Advanced microscopes like MOSAIC produce terabytes of data per hour, but researchers take a "couple of year breather" to understand what was recorded in just days. This 100x to 10,000x analysis bottleneck highlights the urgent need for AI-driven interpretation to unlock the discoveries hidden within this data.
To build an AI that can reason about biology, researchers must first create a massive "dictionary" of normal cellular behavior. This involves capturing ~50 petabytes of unperturbed dynamics in organisms like zebra fish. Only after establishing this baseline of "native dynamics" can the model effectively interpret data from perturbed or diseased states.
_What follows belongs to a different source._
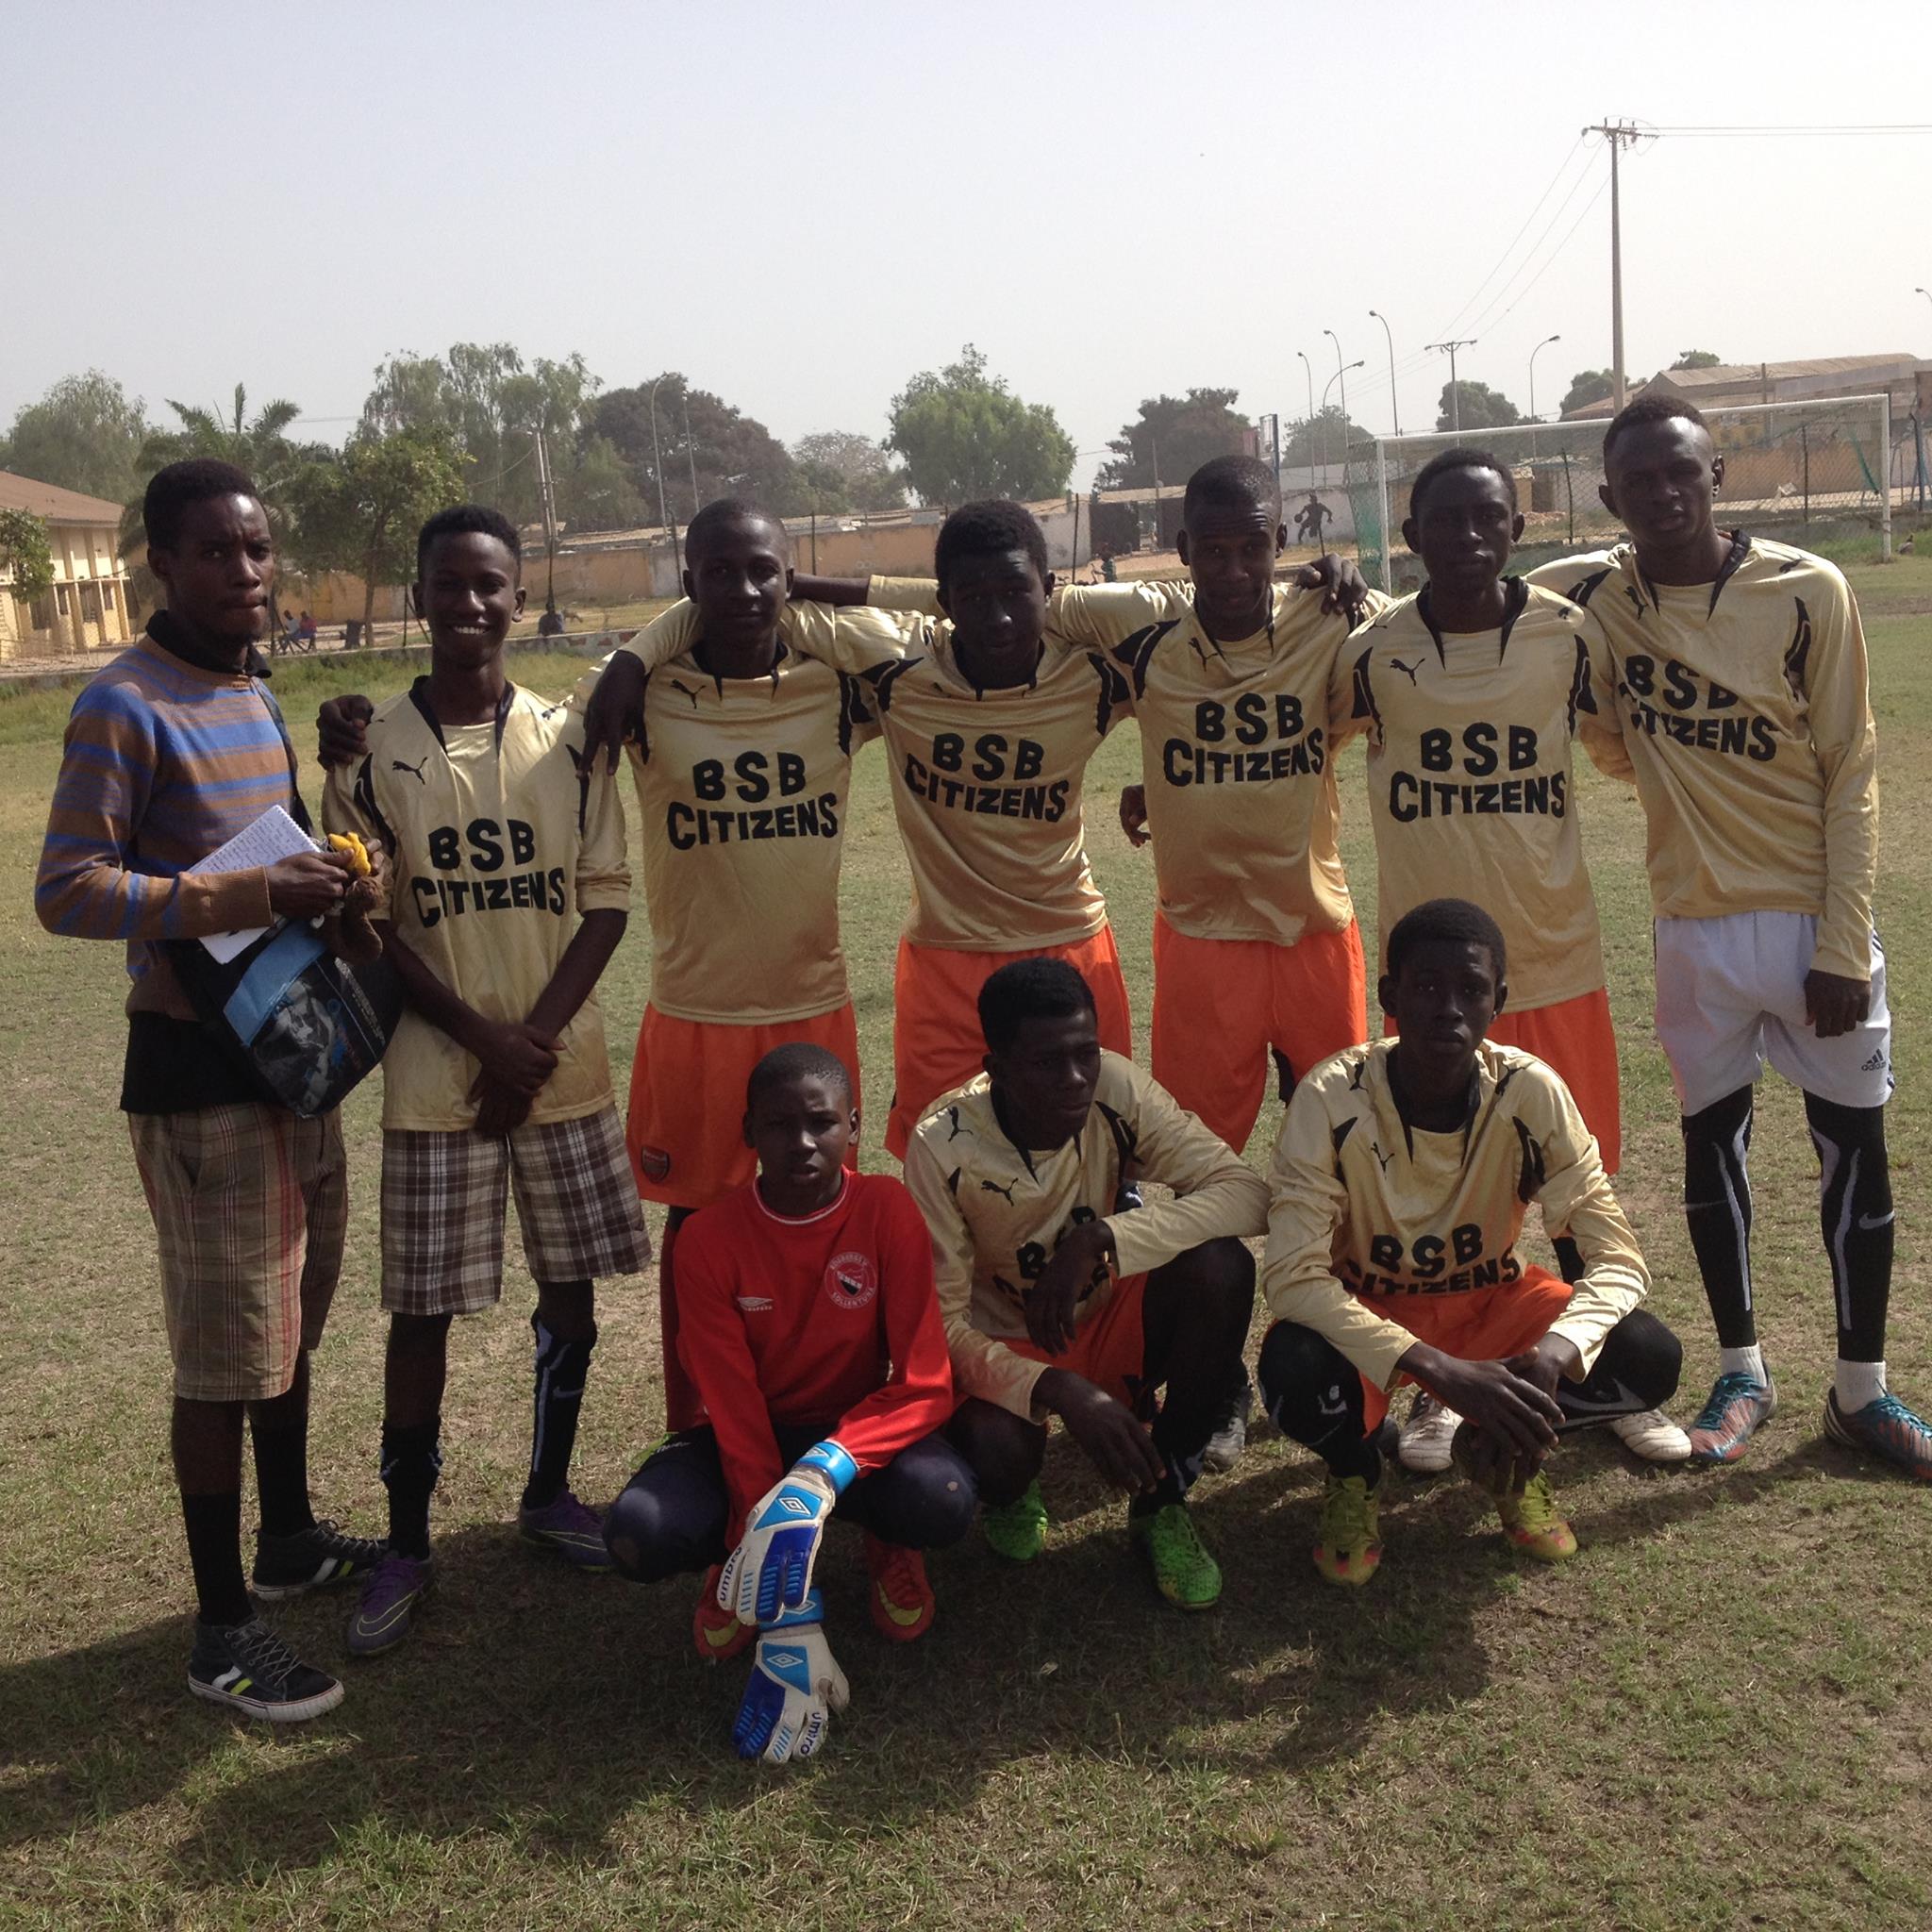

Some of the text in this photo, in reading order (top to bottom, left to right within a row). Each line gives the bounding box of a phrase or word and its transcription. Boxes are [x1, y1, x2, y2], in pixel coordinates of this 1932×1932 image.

Nobel laureate Eric Betzig claims most biological research is stuck in a reductionist approach, grinding cells down to their component parts. He compares this to reverse-engineering a car from a pile of parts and argues for a new paradigm of holistic observation, admitting that science has not yet sufficiently observed life as a complete, functioning system.
Human perception is limited to 2D plus time, but cellular data from advanced microscopy is 5-dimensional (3D space, time, and color). The solution isn't to accelerate human analysis but to build AI models that can natively perceive and reason within these higher dimensions, much like AI for self-driving cars handles 3D plus time.
With only 9% of drugs in Phase 1 trials ultimately succeeding, there's massive financial waste. By using advanced microscopes to observe the effects of compounds on genetically similar zebra fish, researchers can cheaply screen for unforeseen toxicity and off-target effects, potentially saving hundreds of millions of dollars and preventing patient harm before human trials begin.